Once there, Alice helped her lower the man to the ground. “Thank you. I’ll take it from here,” she told her nurse, and Alice nodded before turning back toward the hospital. This part belonged to her and no one else. It gave her a chance to think, sometimes to remember the person, at others, to remember what had gone wrong or what could have gone better. And this time, to pay her respects to the man she couldn’t save.
She crossed the plot of land to the shovel she kept hidden in a patch of bushes nearby, and she got to work, digging down deep. It was arduous work and her muscles would be sore by the time she was done but it was worth it.

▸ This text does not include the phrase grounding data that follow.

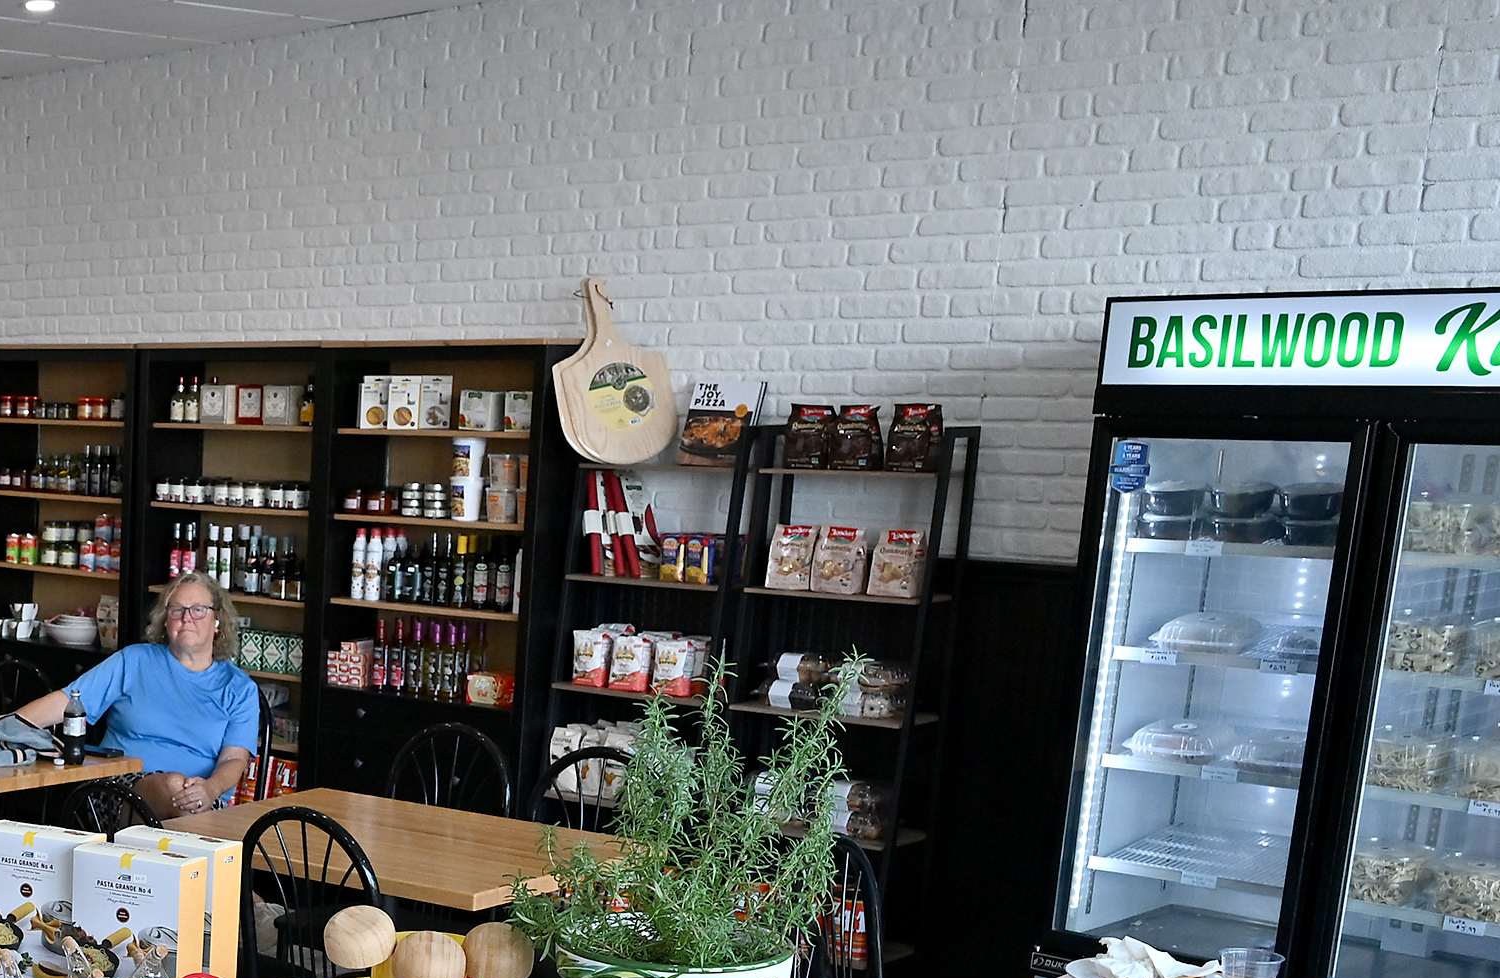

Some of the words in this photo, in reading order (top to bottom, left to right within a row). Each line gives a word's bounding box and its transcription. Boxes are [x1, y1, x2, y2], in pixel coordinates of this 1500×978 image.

[1127, 311, 1405, 368] BASILWOOD
[1434, 302, 1500, 376] K
[699, 383, 719, 391] THE
[701, 391, 722, 399] JOY
[694, 398, 726, 407] PIZZA
[1, 857, 17, 866] PASTA
[19, 859, 39, 869] GRANDE
[97, 880, 114, 888] PASTA
[115, 883, 137, 892] GRANDE
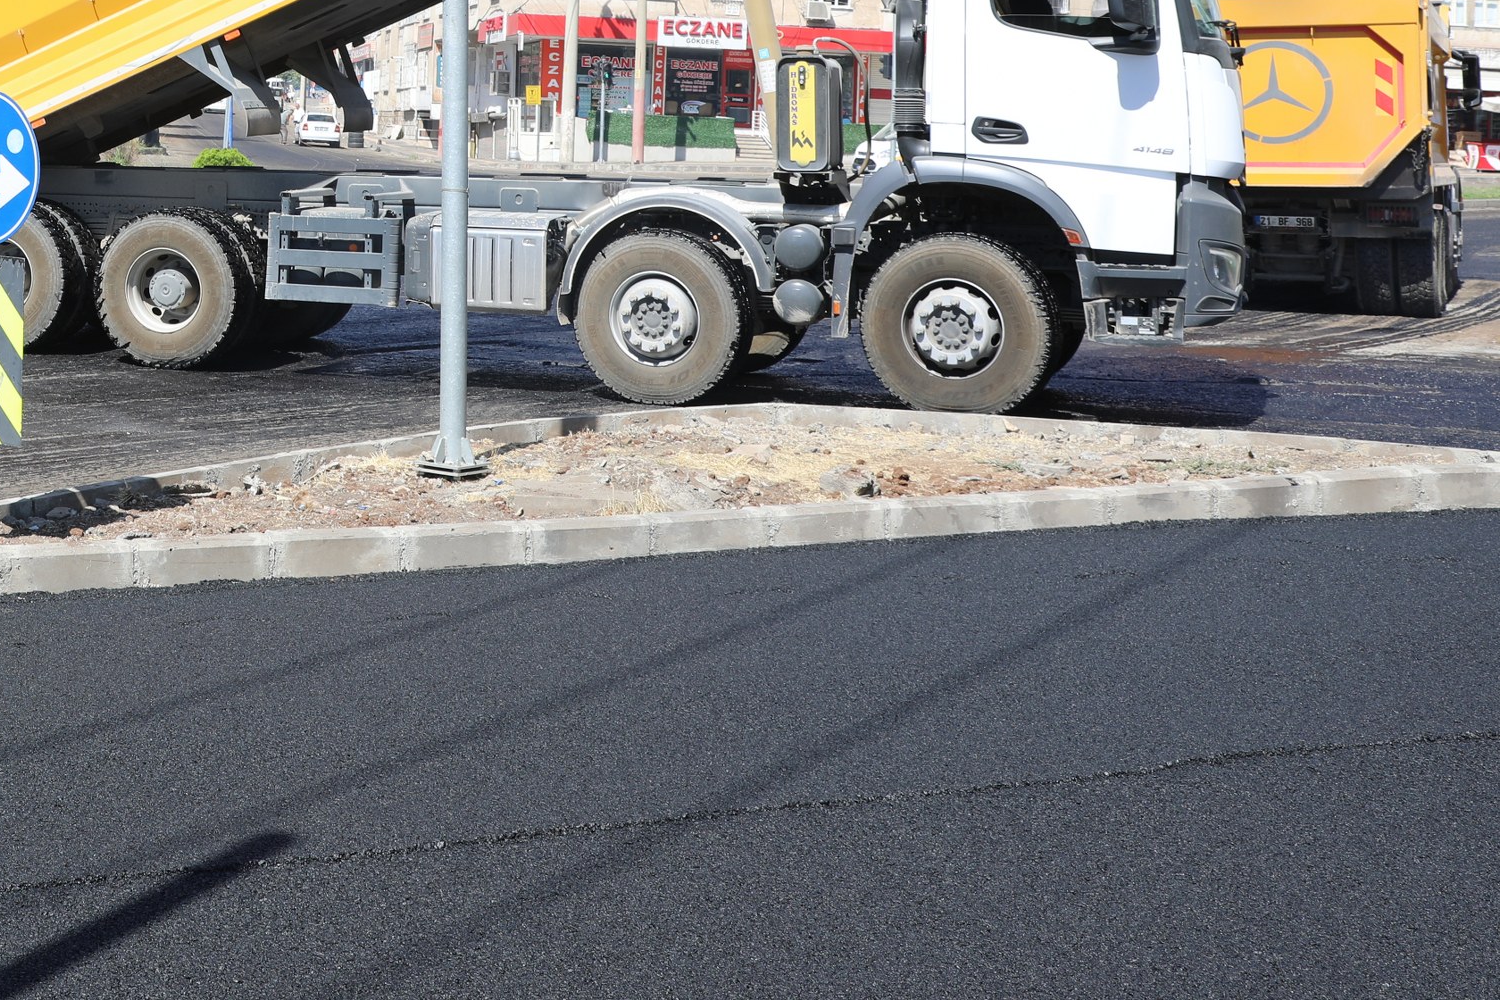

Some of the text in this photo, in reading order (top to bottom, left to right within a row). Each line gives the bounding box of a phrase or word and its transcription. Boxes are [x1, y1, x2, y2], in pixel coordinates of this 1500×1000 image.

[662, 19, 743, 40] ECZANE
[685, 37, 720, 46] GÖKDERE
[670, 59, 719, 72] ECZANE
[790, 71, 799, 126] HİDROMAS
[1132, 146, 1175, 156] 4148
[1259, 216, 1313, 227] 21 BF 968

Minutes passed, and then a full hour. She was concerned about the boy inside the hospital, but she knew Abby or Alice would come get her right away if there was any sign of trouble. Finally, an hour and a half after she’d begun, she was done. She pulled the man to the grave as gently as she could, committing his face to memory before she rolled him the final few inches and into the grave. In her movement, she could see the injuries that had lead him to where he was now. The little boy had been lucky enough to escape a gator’s attack, but this man wasn’t so fortunate. Multiple lacerations cut across his thighs and others dug in deep into his abdomen. Her first judgment had been right; there was no way he would have survived even if she and all her staff had devoted every resource they’d had to him. And while that knowledge did nothing to placate the angry man who’d left the hospital, it helped to assuage her conscience. There really was nothing else she could have done for him.
A half hour later, she’d returned the dirt, covering the man in his grave, and she placed a makeshift headstone on top, made from sturdy branches and twine. She was ready to get back to work, and just in time it seemed, because new patients had begun to filter into the hospital. There were at least half a dozen there now. Certainly, Abby and Alice could use her help. She returned the shovel to its usual storage place and headed back toward the hospital. All the while she tried to ignore the chill that shivered down her spine in the heat.
She hurried across the plot of land and inside the hospital, doing her best not to think about the angry man’s threats and the murderous look in his eyes as he’d stormed out of the hospital. Certainly, the chill that had shivered down her spine was just an odd reaction to overworking her muscles. It couldn’t possibly be a premonition of what was to come. She didn’t believe in that sort of thing. It was ridiculous…at least, she hoped it was ridiculous.